▶ _GOAL OF THE EXERCISE_
Without including pictures, set down every record exactly as it stands.

[Spatial localization data]
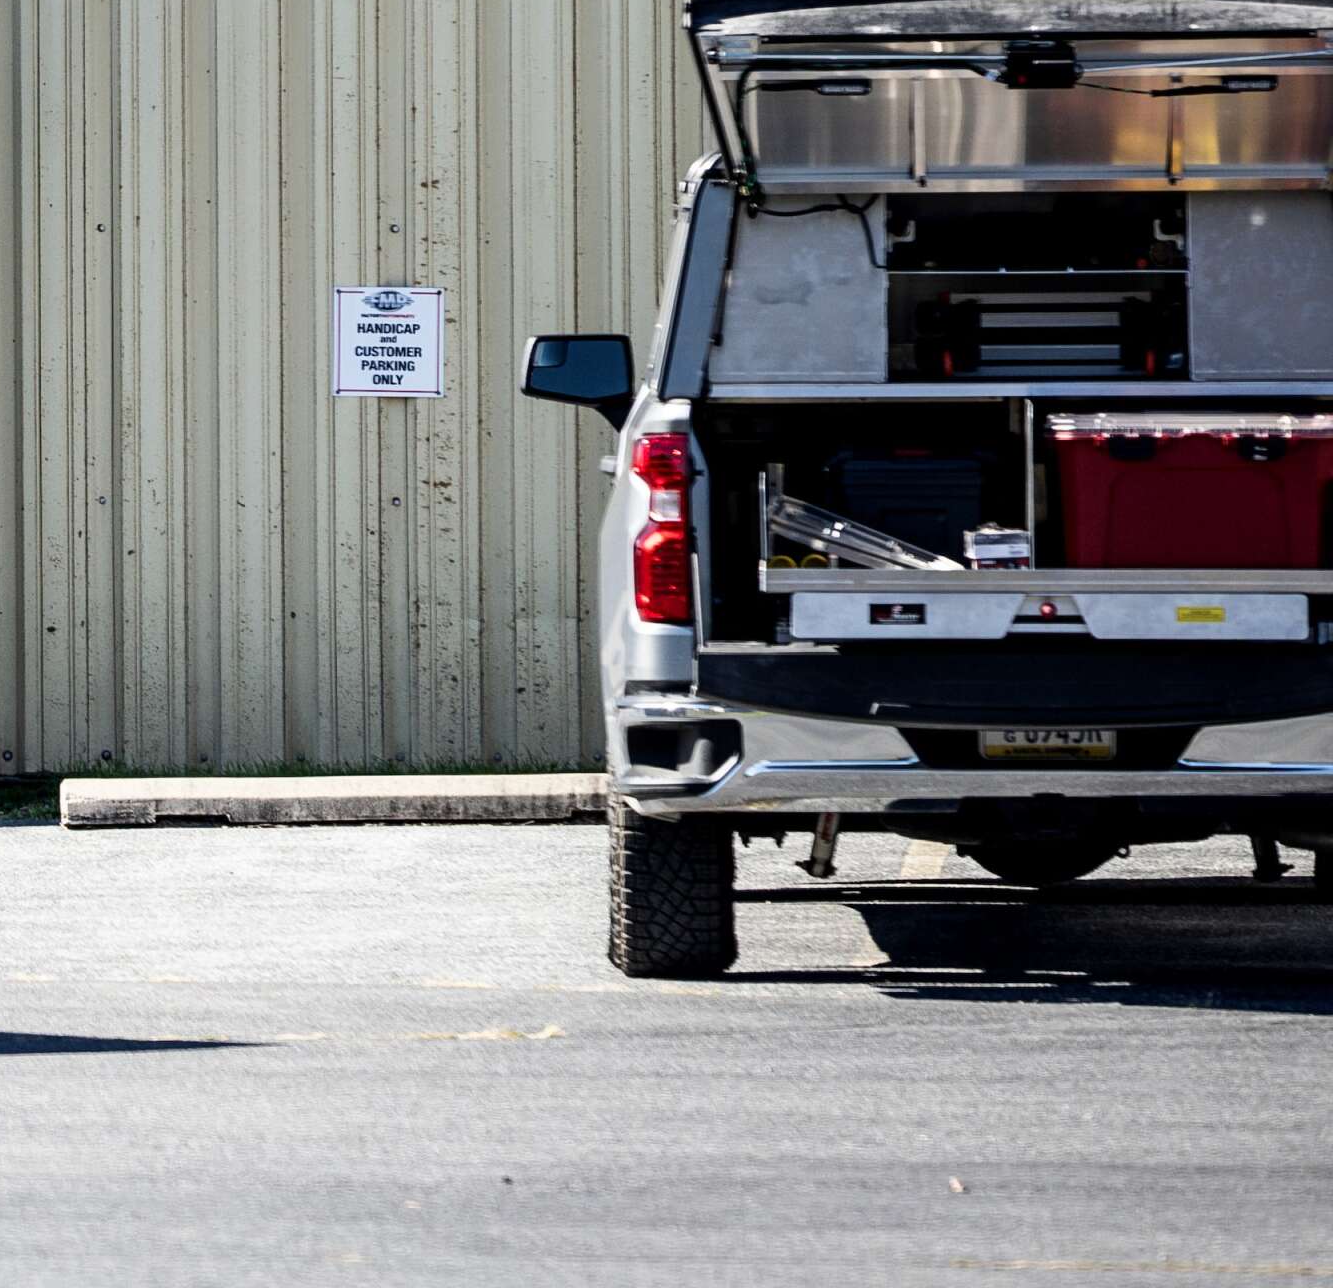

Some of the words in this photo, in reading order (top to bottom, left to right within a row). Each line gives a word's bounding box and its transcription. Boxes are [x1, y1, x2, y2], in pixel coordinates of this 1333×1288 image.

[357, 323, 420, 334] HANDICAP
[355, 346, 422, 357] CUSTOMER
[361, 360, 415, 371] PARKING
[372, 374, 404, 385] ONLY

▶ _YOUR SOLUTION_
Some of the words in this photo, in reading order (top to bottom, left to right within a row). Each line gives a word's bounding box and its transcription. Boxes are [x1, y1, x2, y2], in pixel coordinates of this 1333×1288 image.

[357, 323, 420, 334] HANDICAP
[355, 346, 422, 357] CUSTOMER
[361, 360, 415, 371] PARKING
[372, 374, 404, 385] ONLY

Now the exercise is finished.